Venerdì 9 Ottobre 2020 di Luigi Roano

Il sindaco Luigi de Magistris e la sua giunta approvano l'ultimo bilancio di previsione dell'era arancione. Un bilancio fatto di lacrime e sangue dovuto anche alla crisi sanitaria che ha indebolito ancora di più il settore delle entrate. Ma che risente dal debito di circa 2,7 miliardi che la giunta e il sindaco hanno accumulato in questi quasi 10 anni. De Magistris fa la voce grossa sugli investimenti, mette un miliardo.

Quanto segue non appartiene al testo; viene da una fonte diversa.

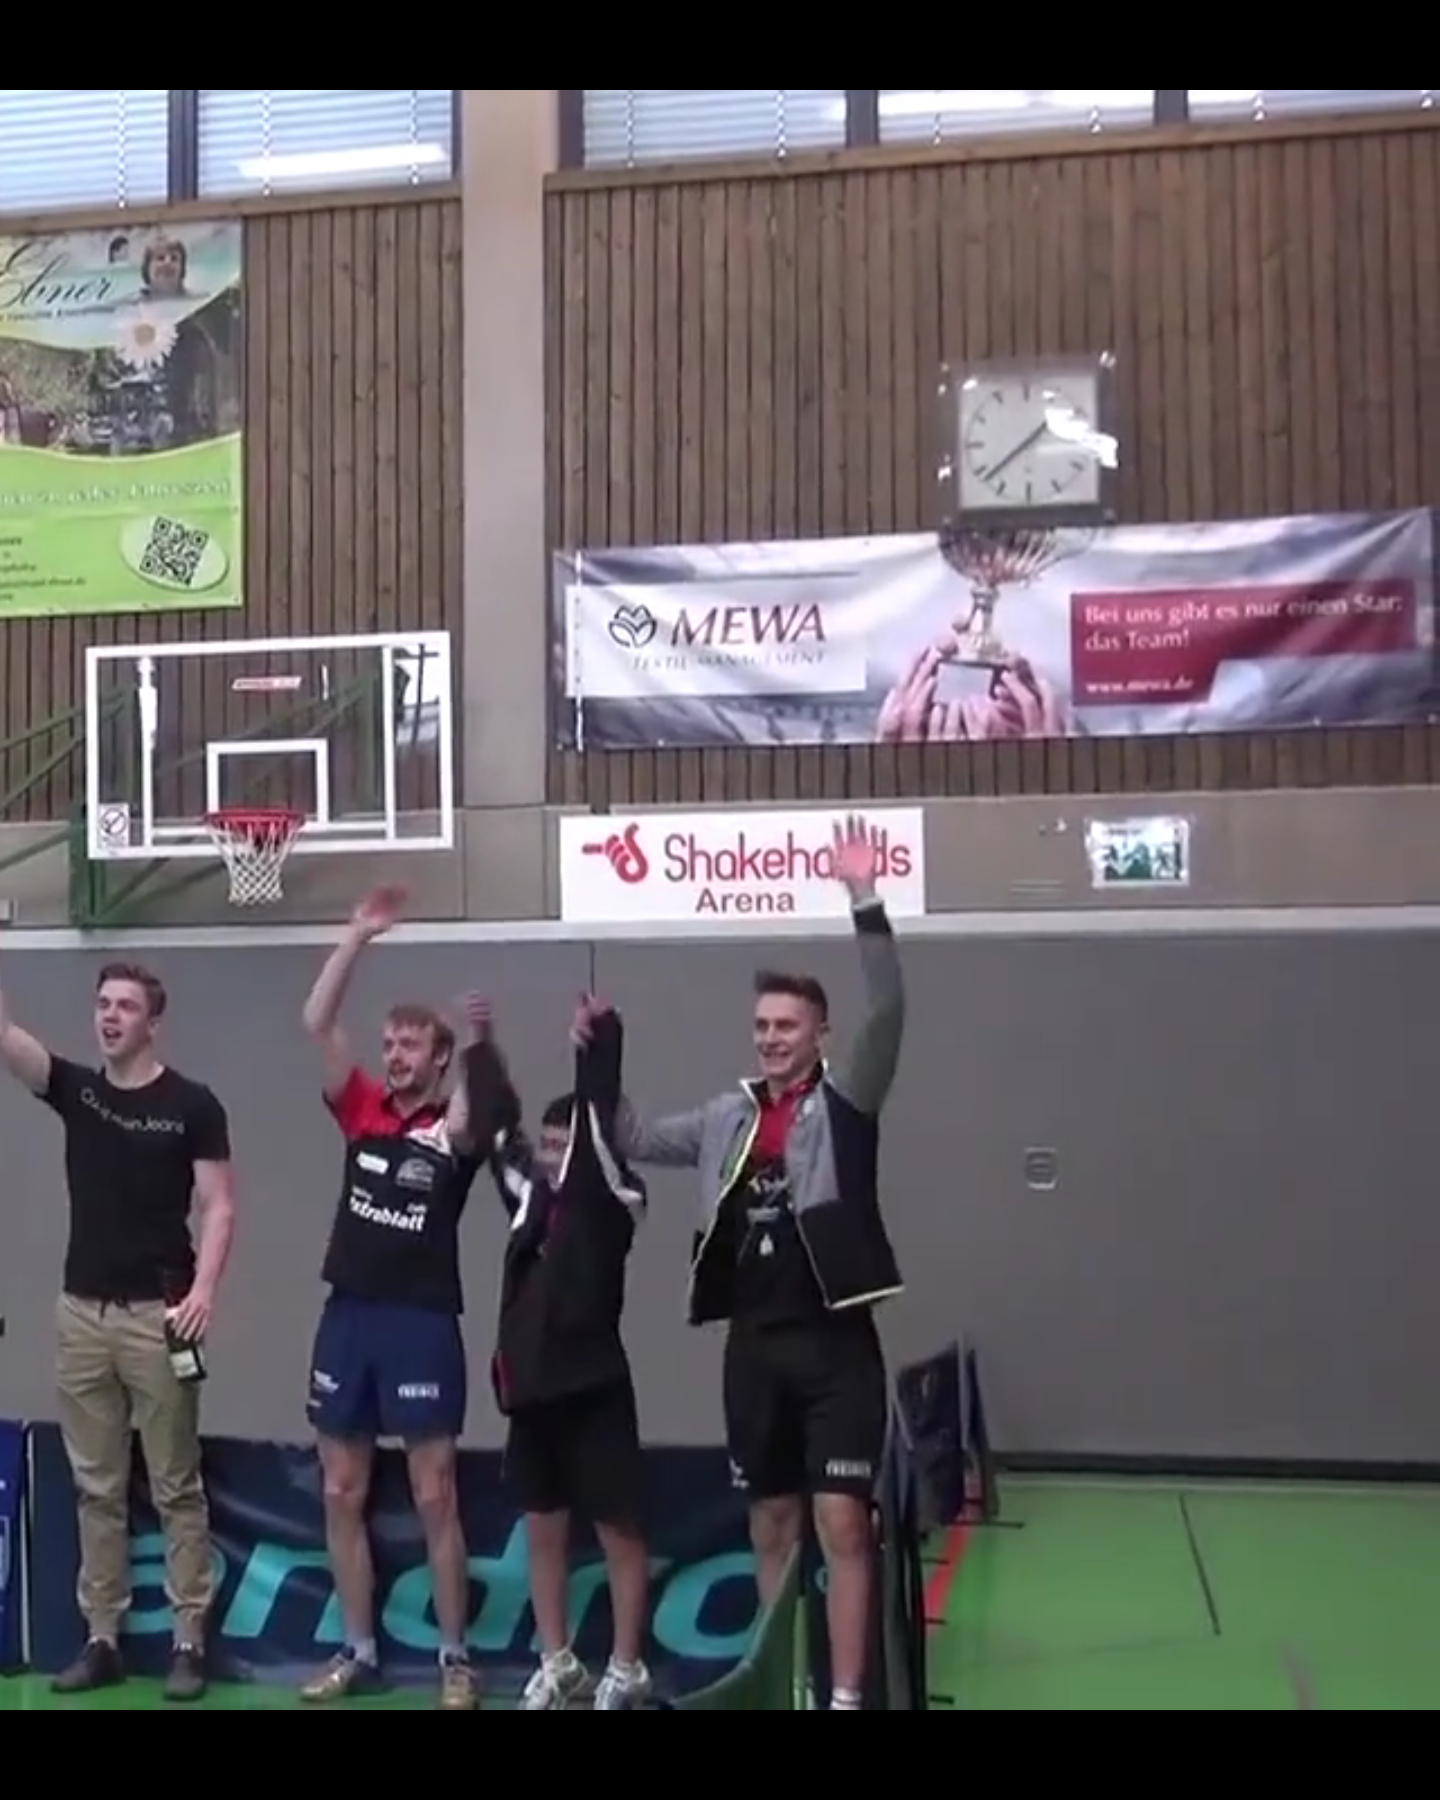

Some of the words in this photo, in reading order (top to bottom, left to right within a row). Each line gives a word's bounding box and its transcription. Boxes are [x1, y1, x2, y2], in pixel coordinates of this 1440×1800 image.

[671, 604, 825, 646] MEWA
[1085, 605, 1119, 624] Bei
[1126, 606, 1161, 623] uns
[1168, 602, 1209, 625] gibt
[1216, 604, 1238, 619] es
[1245, 602, 1279, 617] nur
[1287, 600, 1348, 616] einen
[1085, 632, 1120, 651] das
[1127, 628, 1189, 650] Team!
[664, 828, 912, 883] Shakehads
[695, 888, 796, 914] Arena

Si tratta dei fondi di tutti i progetti in campo per la città, dal Patto per Napoli di epoca renziana alle risorse della Ue che a oggi per mille motivi non risultano spesi. Di suo Palazzo San Giacomo ci mette cinque milioni a integrazione del fondo di riserva. Utili a mettere mano alle emergenze quotidiane, dalle buche agli alberi che cadono. Spicca nel bilancio la posta per assumere - finalmente - a tempo determinato le maestre di sostegno per i bimbi disabili che tanto rumore e problemi ha provocato al Comune. E la riduzione della Tari per le utenze non domestiche.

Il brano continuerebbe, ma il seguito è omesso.